## TASK STATEMENT
Please output every entry below exactly as written, leaving out any pictures.

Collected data

↓↓↓

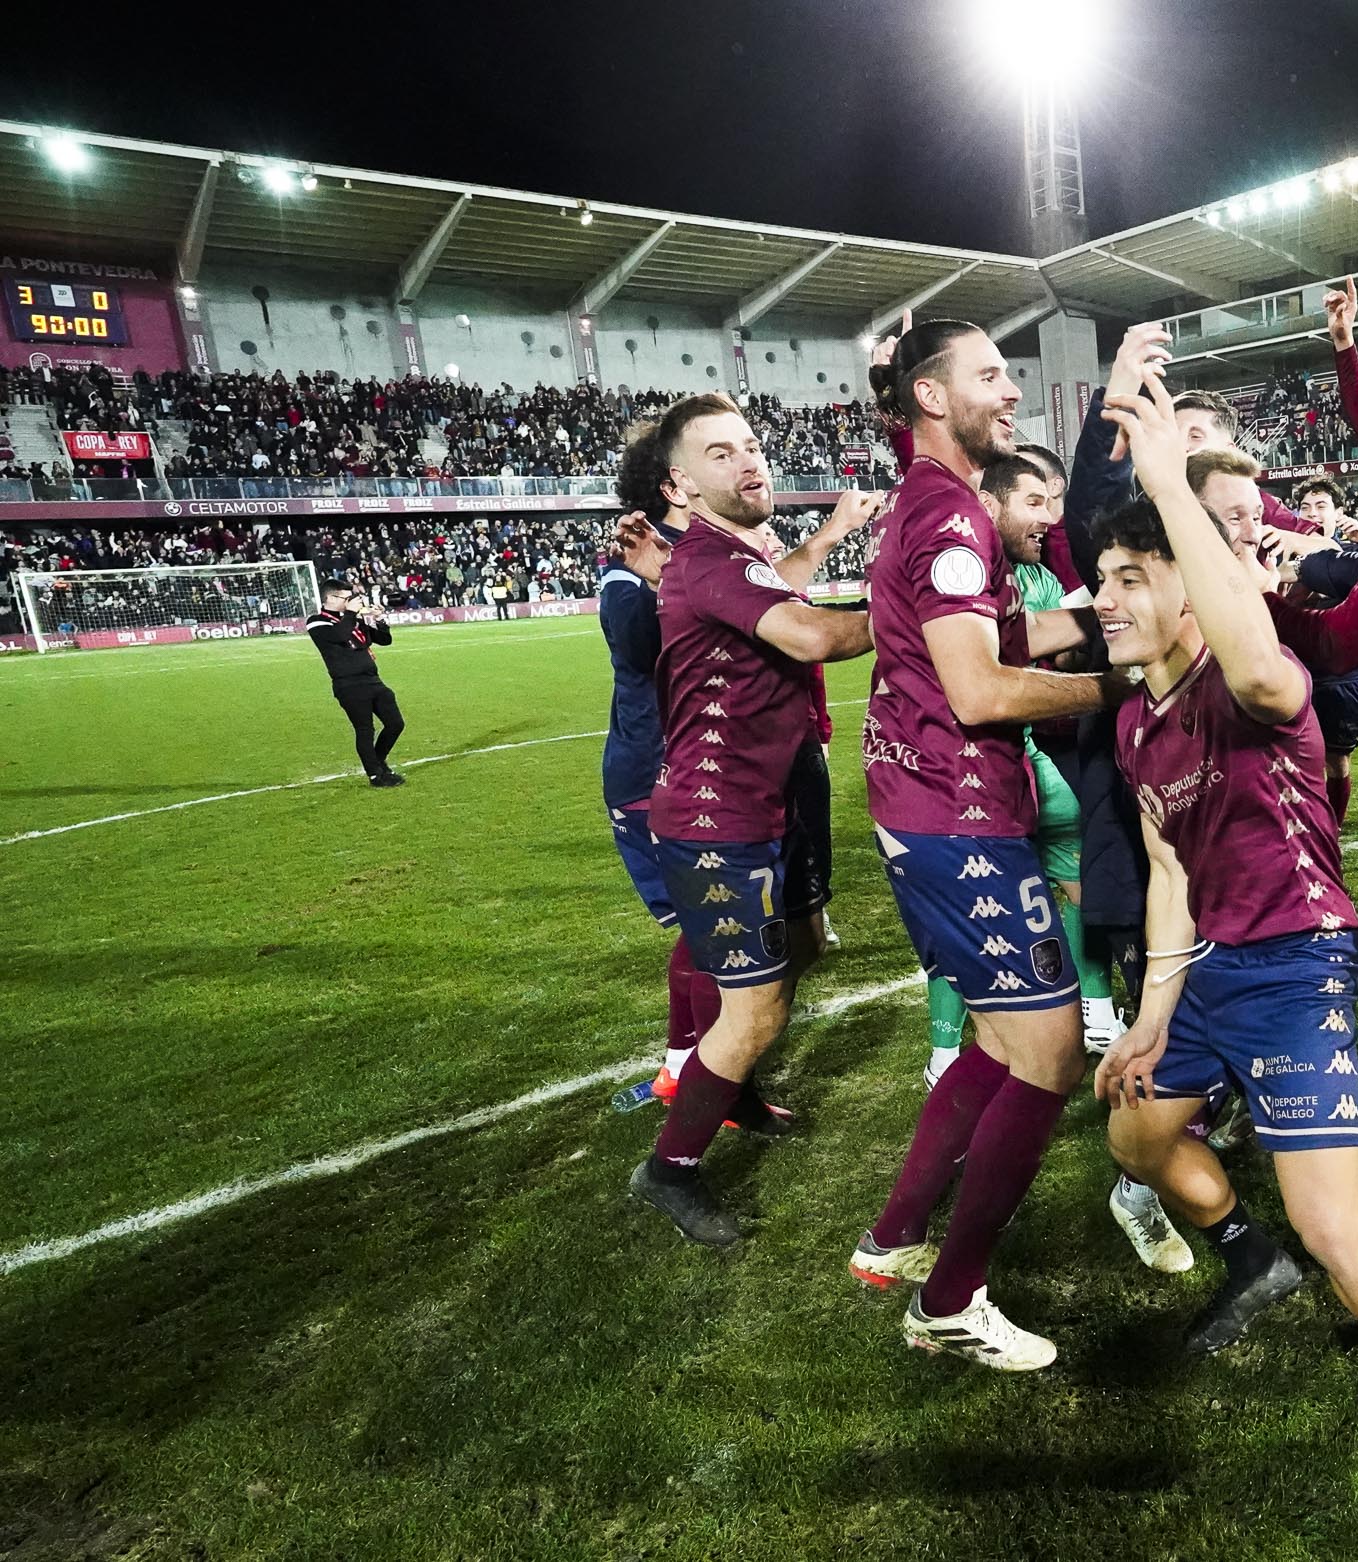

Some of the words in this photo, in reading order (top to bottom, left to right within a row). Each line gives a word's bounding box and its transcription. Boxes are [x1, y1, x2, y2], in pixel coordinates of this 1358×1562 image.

[20, 257, 158, 281] PONTEVEDRA
[18, 285, 34, 305] 3
[92, 291, 109, 311] 0
[76, 434, 106, 450] COPA
[119, 435, 138, 450] REY
[1268, 468, 1293, 480] Estrella
[1293, 466, 1316, 478] Galicia
[189, 502, 288, 515] CELTAMOTOR
[311, 499, 343, 508] FROIZ
[358, 499, 389, 508] FROIZ
[403, 498, 433, 507] FROIZ
[456, 498, 500, 510] Estrella
[502, 497, 542, 510] Galicia
[748, 867, 774, 917] 7
[1018, 875, 1052, 934] 5
[1264, 1055, 1292, 1066] XUNTA
[1265, 1066, 1275, 1076] DE
[1275, 1063, 1316, 1075] GALICIA
[1275, 1095, 1319, 1106] DEPORTE
[1276, 1108, 1315, 1120] GALEGO
[1221, 1224, 1248, 1244] adidas
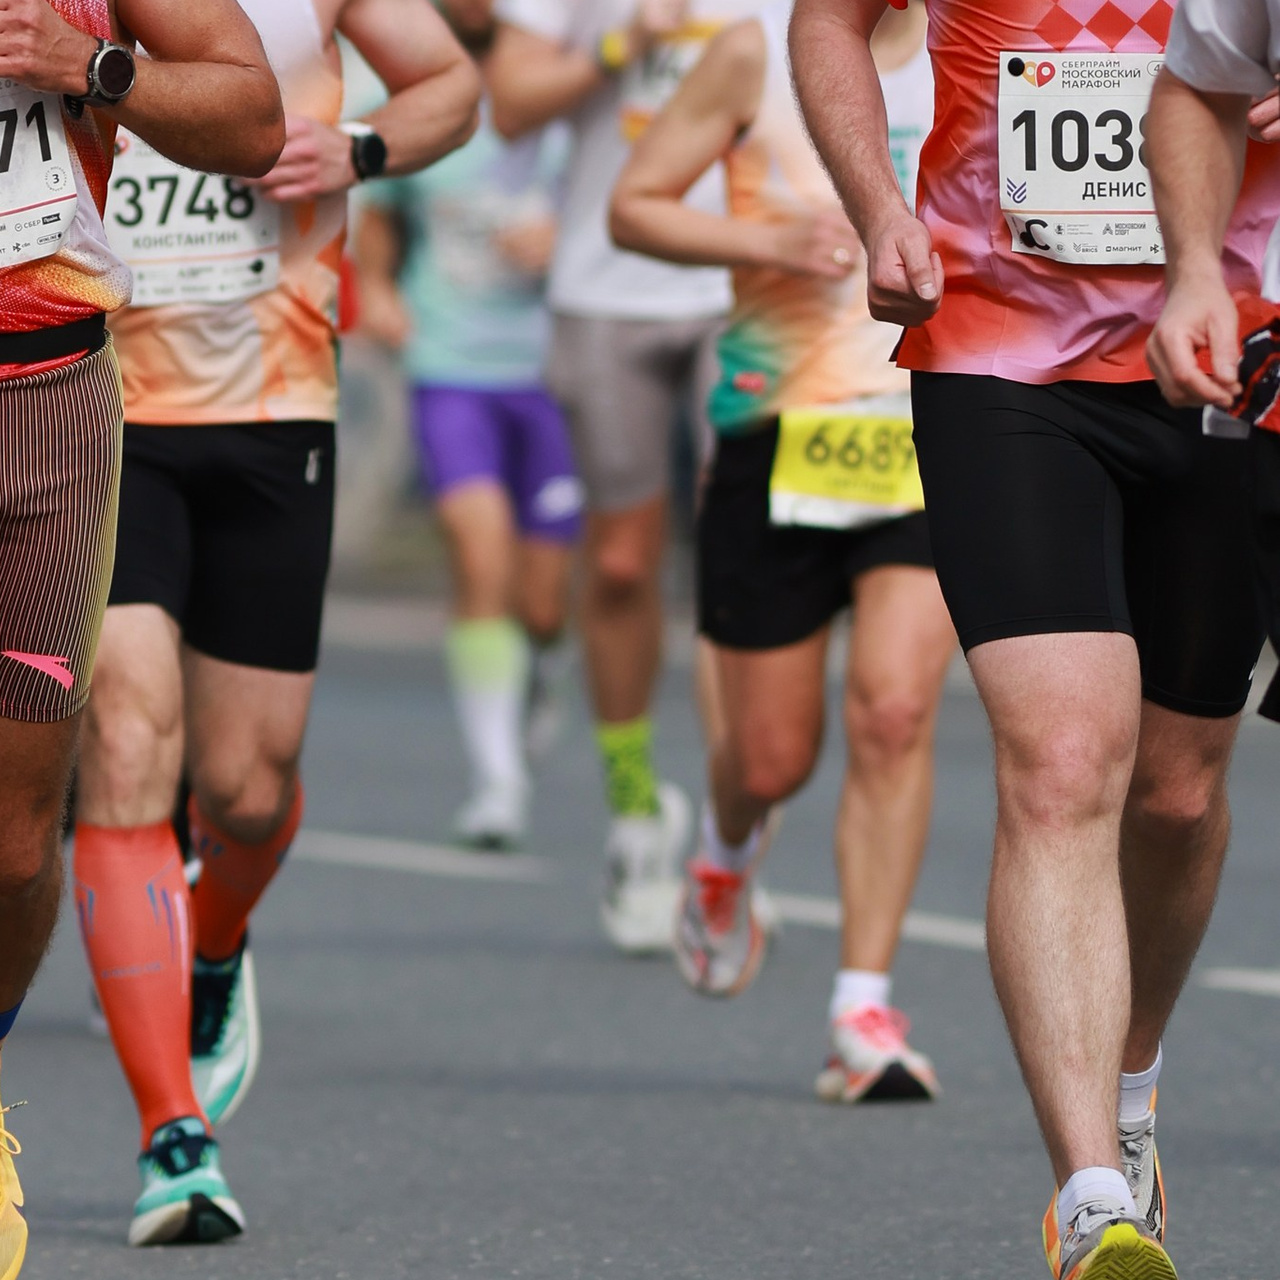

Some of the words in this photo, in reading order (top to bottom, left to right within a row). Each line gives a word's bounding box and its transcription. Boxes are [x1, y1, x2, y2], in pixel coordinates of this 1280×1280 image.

[1061, 59, 1120, 68] СБЕРПРАЙМ
[1061, 68, 1141, 78] МОСКОВСКИЙ
[1061, 79, 1121, 88] МАРАФОН
[52, 173, 60, 184] 3
[1082, 182, 1147, 200] ДЕНИС
[113, 175, 254, 226] 3748
[132, 231, 238, 249] КОНСТАНТИН
[805, 421, 914, 473] 6689
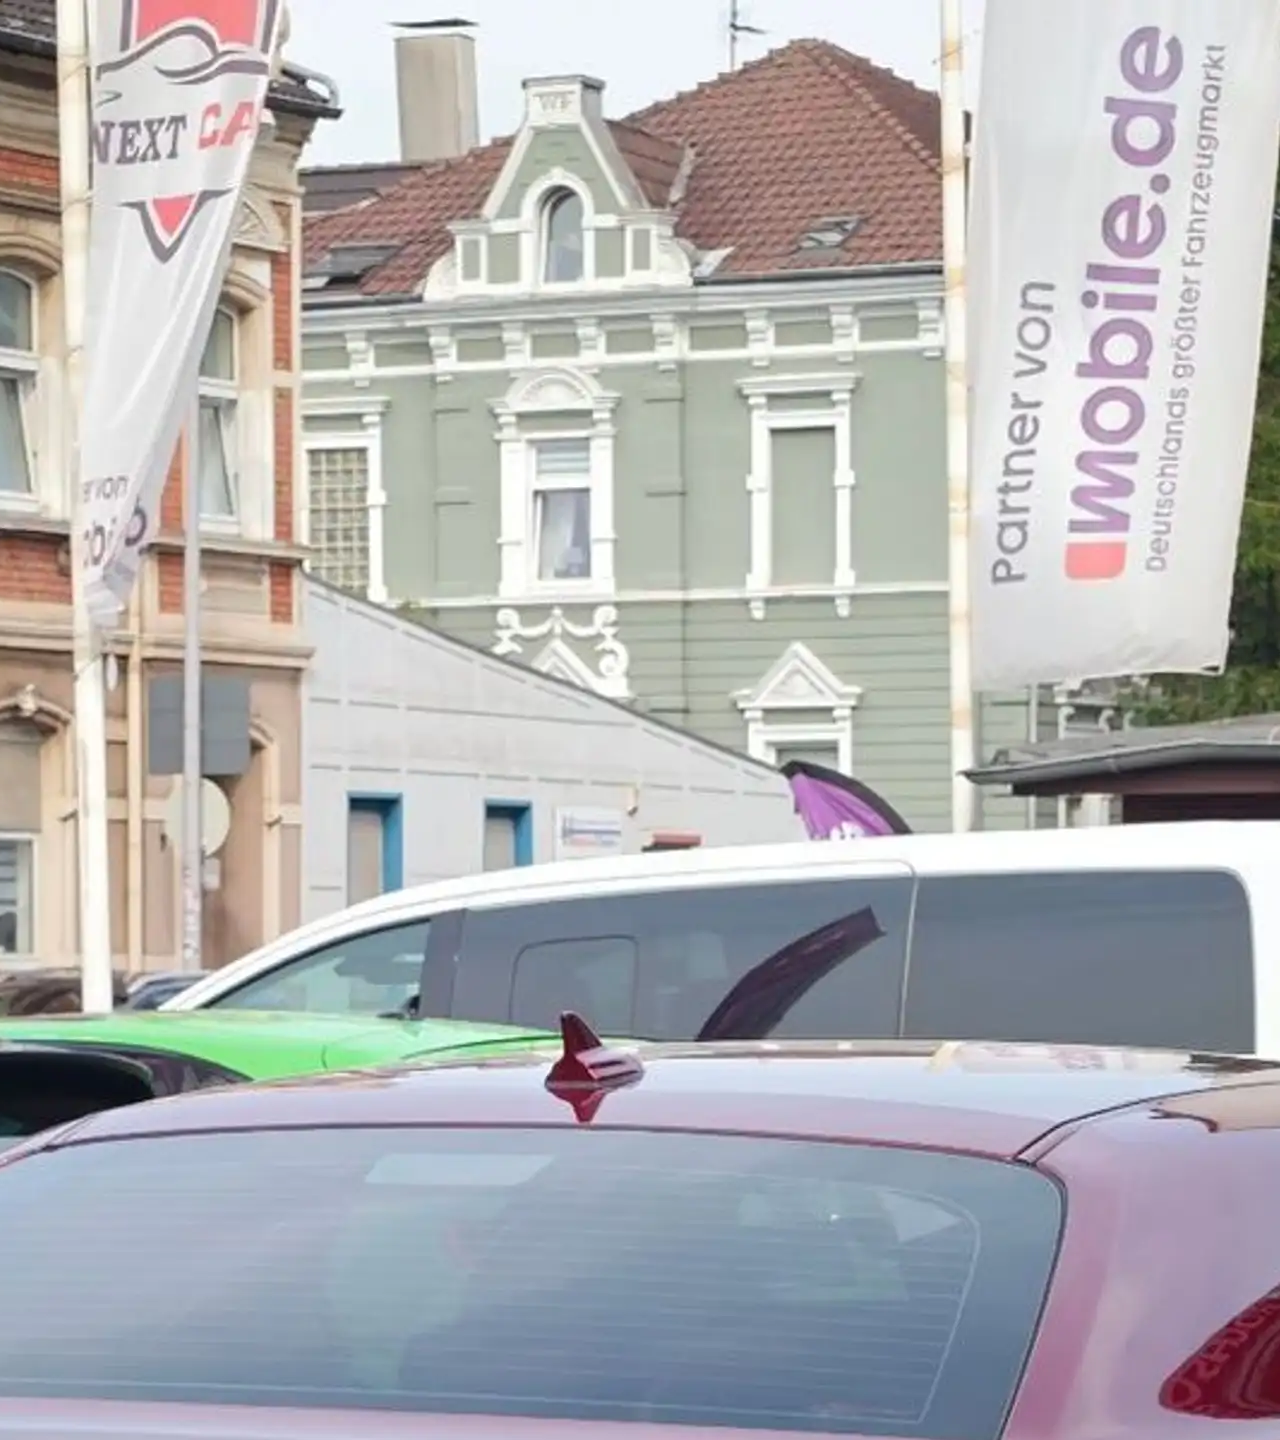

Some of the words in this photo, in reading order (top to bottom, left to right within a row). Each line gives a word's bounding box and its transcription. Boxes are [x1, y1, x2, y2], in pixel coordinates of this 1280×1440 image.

[91, 114, 187, 165] NEXT
[1180, 44, 1227, 268] Fahrzeugmarkt
[1012, 281, 1056, 379] von
[1067, 26, 1184, 533] mobile.de
[1172, 272, 1202, 379] größter
[991, 391, 1044, 585] Partner
[1145, 386, 1189, 572] Deutschlands
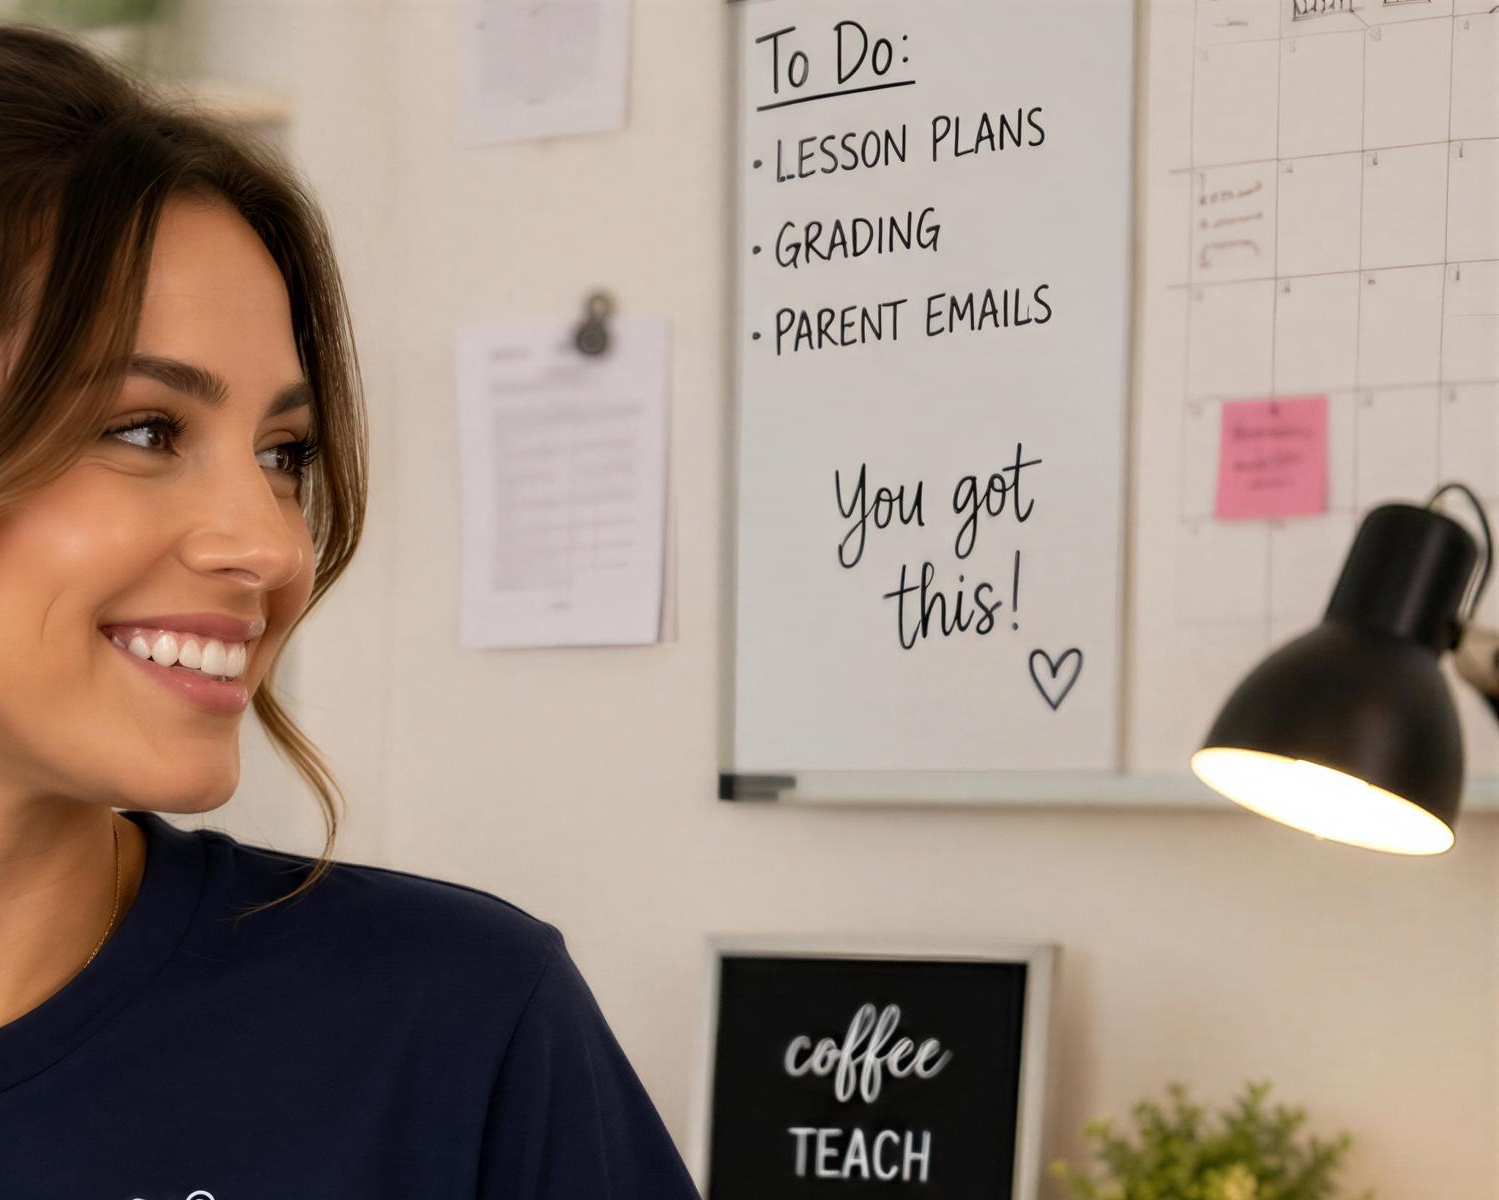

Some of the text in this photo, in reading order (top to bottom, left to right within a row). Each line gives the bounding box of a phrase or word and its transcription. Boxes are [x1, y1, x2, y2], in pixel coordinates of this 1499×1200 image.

[755, 20, 911, 95] To Do:
[775, 106, 1046, 184] LESSON PLANS
[774, 206, 941, 270] GRADING
[774, 283, 1053, 357] PARENT EMAILS
[834, 442, 1043, 569] You got
[883, 549, 1021, 651] this!
[784, 1003, 953, 1103] coffee
[787, 1126, 932, 1183] TEACH

↑↑↑

## EXERCISE RESULT
Some of the words in this photo, in reading order (top to bottom, left to right within a row). Each line gives a word's bounding box and its transcription. Boxes are [x1, y1, x2, y2], in pixel coordinates of this 1358×1562 image.

[20, 257, 158, 281] PONTEVEDRA
[18, 285, 34, 305] 3
[92, 291, 109, 311] 0
[76, 434, 106, 450] COPA
[119, 435, 138, 450] REY
[1268, 468, 1293, 480] Estrella
[1293, 466, 1316, 478] Galicia
[189, 502, 288, 515] CELTAMOTOR
[311, 499, 343, 508] FROIZ
[358, 499, 389, 508] FROIZ
[403, 498, 433, 507] FROIZ
[456, 498, 500, 510] Estrella
[502, 497, 542, 510] Galicia
[748, 867, 774, 917] 7
[1018, 875, 1052, 934] 5
[1264, 1055, 1292, 1066] XUNTA
[1265, 1066, 1275, 1076] DE
[1275, 1063, 1316, 1075] GALICIA
[1275, 1095, 1319, 1106] DEPORTE
[1276, 1108, 1315, 1120] GALEGO
[1221, 1224, 1248, 1244] adidas

Some of the words in this photo, in reading order (top to bottom, left to right within a row). Each line gives a word's bounding box and its transcription. Boxes are [x1, y1, x2, y2], in pixel coordinates of this 1280×1280 image.

[1061, 59, 1120, 68] СБЕРПРАЙМ
[1061, 68, 1141, 78] МОСКОВСКИЙ
[1061, 79, 1121, 88] МАРАФОН
[52, 173, 60, 184] 3
[1082, 182, 1147, 200] ДЕНИС
[113, 175, 254, 226] 3748
[132, 231, 238, 249] КОНСТАНТИН
[805, 421, 914, 473] 6689

Some of the words in this photo, in reading order (top to bottom, left to right within a row). Each line gives a word's bounding box and its transcription. Boxes are [x1, y1, x2, y2], in pixel coordinates of this 1280×1440 image.

[91, 114, 187, 165] NEXT
[1180, 44, 1227, 268] Fahrzeugmarkt
[1012, 281, 1056, 379] von
[1067, 26, 1184, 533] mobile.de
[1172, 272, 1202, 379] größter
[991, 391, 1044, 585] Partner
[1145, 386, 1189, 572] Deutschlands

Some of the text in this photo, in reading order (top to bottom, left to right within a row). Each line gives the bounding box of a phrase or word and its transcription. Boxes are [x1, y1, x2, y2], in pixel coordinates of this 1499×1200 image.

[755, 20, 911, 95] To Do:
[775, 106, 1046, 184] LESSON PLANS
[774, 206, 941, 270] GRADING
[774, 283, 1053, 357] PARENT EMAILS
[834, 442, 1043, 569] You got
[883, 549, 1021, 651] this!
[784, 1003, 953, 1103] coffee
[787, 1126, 932, 1183] TEACH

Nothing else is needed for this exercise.